Methods: Patients received a complete rheumatological examination at entry and every 3 months during the study. A complete biochemical analysis was executed every month. Serum sIL-2R levels were evaluated before entering and at the 3rd and 6th month by ELISA: Phenotype analysis of peripheral blood mononuclear cells was performed by a two-color technique using the association of specific monoclonal antibodies. Samples were analyzed by a FACS-scan 440 cytofluorimeter with a single Argonion laser.

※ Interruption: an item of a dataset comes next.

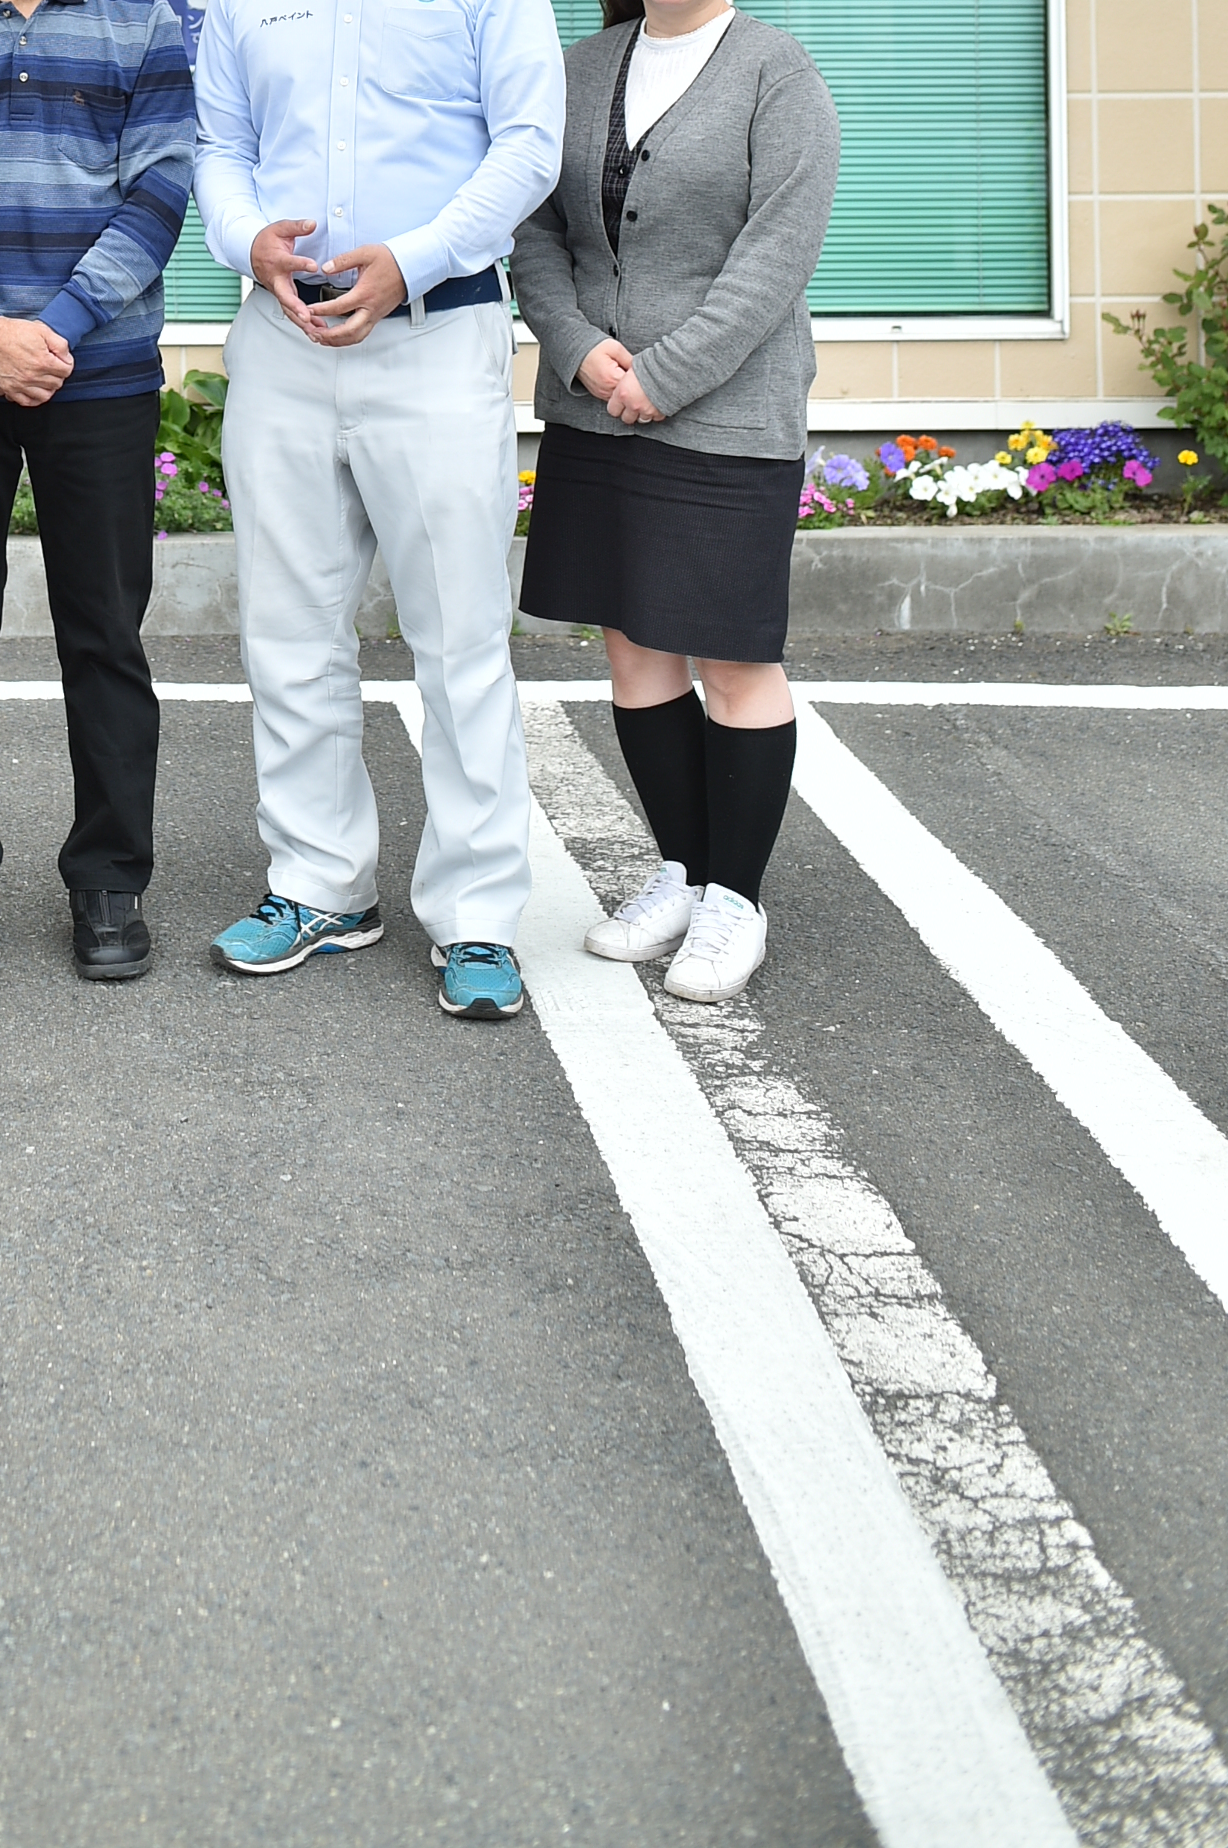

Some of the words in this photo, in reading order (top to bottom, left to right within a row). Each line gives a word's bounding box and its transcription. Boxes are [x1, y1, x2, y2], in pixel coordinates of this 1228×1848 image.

Results: Serum sIL-2R were significantly higher in RA patients than in controls and had a significant negative correlation with disease duration and a positive correlation with serum IgG and C3 levels. A significant positive correlation was found between serum sIL-2R levels and circulating CD3 + HLADR+, CD3-HLADR+ and CD20 + CD5-cells. After 6 months of auranofin therapy no differences in serum sIL-2R in comparison with basal levels were found in either responders or in non-responders.
Conclusion: Serum sIL-2R level is not a good index of activity in RA patients and is not a useful marker of response to AU therapy.